Published in The Hill (April 27th,2019),”AOC, Bernie Sanders confuse inequality with poverty”
AOC, Bernie Sanders confuse inequality with poverty
“Socialism,” anathema to many but a path worth exploring to others, has been packaged nicely as “democratic socialism” (a hilarious oxymoron) by millionaire author Sen. Bernie Sanders (I-Vt.) and proselytized by neophyte Rep. Alexandria Ocasio-Cortez (D-N.Y.) who, like the president, invents statistics extemporaneously.
But in all fairness, neither is a socialist in the true sense of the term, meaning a belief in government ownership of production and the abolition of private property.
Since more than half of Democrats, millennials and minorities hold socialism in higher regard than capitalism, one wonders if these groups truly understand what life is like, say, for the average Cuban. On the other hand, Americans as whole, according to Gallup, prefer capitalism 56 percent to 37 percent.
One can surmise that those who embrace or warm to socialism in reality wish to see a larger, more activist role of government, such as FDR’s New Deal and Lyndon Johnson’s “Great Society,” rather than adherence to socialist economics.
Whatever the case, the progressive wing of the Democrat Party will push its base further leftward; and the one socioeconomic issue they will try to bring along centrist Democrats, independents and even some moderate Republicans on is inequality.
Yet, inequality matters far less than poverty. Culling through the economic literature, one finds little evidence that economic inequality increases poverty; and while redistribution may reduce overall inequality, it is less helpful in lifting people out of poverty.
Economist Branko Milanovic notes that global income inequality fell between 1988 and 2008 for the first time since the Industrial Revolution.
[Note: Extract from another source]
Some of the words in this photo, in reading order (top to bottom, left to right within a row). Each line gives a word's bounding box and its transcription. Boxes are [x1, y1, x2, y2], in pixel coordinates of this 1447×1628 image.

Admittedly, inequality statistics in general are flawed, since they provide only a snapshot of income or wealth distribution at a point in time. Yet, that does not deter celebrity economists of the left, like France’s Thomas Piketty and Joseph Stiglitz to falsely claim that income inequality in the U.S. is at a record high.
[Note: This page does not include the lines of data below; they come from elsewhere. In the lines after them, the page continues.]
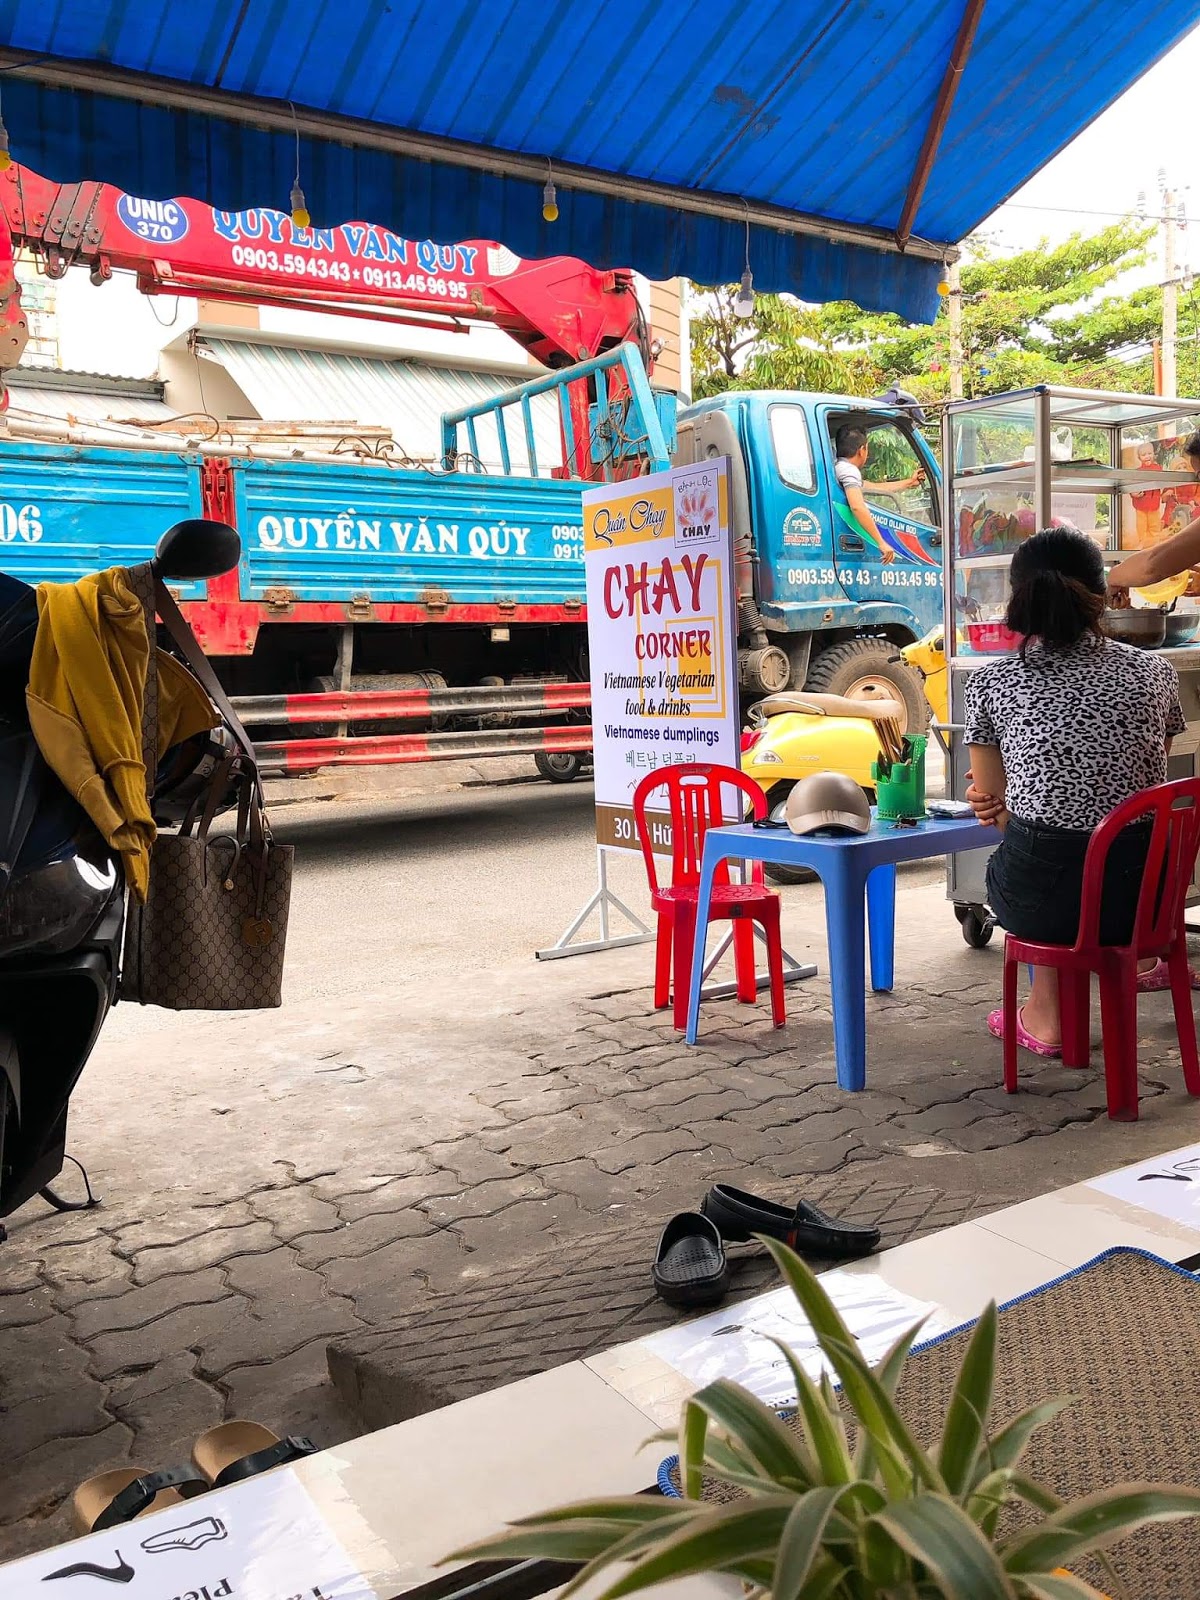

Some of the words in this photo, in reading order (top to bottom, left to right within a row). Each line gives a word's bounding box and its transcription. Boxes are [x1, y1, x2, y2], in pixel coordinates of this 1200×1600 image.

[127, 196, 179, 226] UNIC
[137, 221, 173, 240] 370
[0, 503, 43, 543] 06
[552, 525, 584, 541] 0903
[593, 508, 627, 547] Quán
[629, 500, 667, 537] Chay
[683, 524, 711, 538] CHAY
[390, 515, 460, 555] VĂN
[603, 553, 709, 619] CHAY
[788, 569, 835, 585] 0903.59
[839, 569, 854, 585] 43
[856, 570, 870, 586] 43
[924, 572, 937, 587] 96
[635, 630, 712, 660] CORNER
[604, 672, 657, 689] Vietnamese
[658, 669, 716, 693] Vegetarian
[625, 699, 646, 716] food
[648, 699, 656, 716] &
[658, 699, 691, 716] drinks
[604, 724, 660, 740] Vietnamese
[663, 726, 720, 747] dumplings
[626, 750, 658, 769] 베트남
[614, 817, 631, 839] 30
They erroneously take as a measure “market income,” but this measure does not take into account taxes or transfer payments or changes in household size or composition.
Their solution? Raise taxes on the rich, despite as noted by French economist Frédéric Bastiat in the early 19th century, it is a disincentive to working harder and taking risks, resulting in lost savings and investment that could generate employment and tax revenue from output and productivity.
Explain that to AOC, whose tax proposal would raise top marginal rates to 70 percent to fight the war against inequality. Like her budget-busting Green New Deal, the massive increase in taxes would wreak havoc on economic growth, employment and capital formation in the U.S.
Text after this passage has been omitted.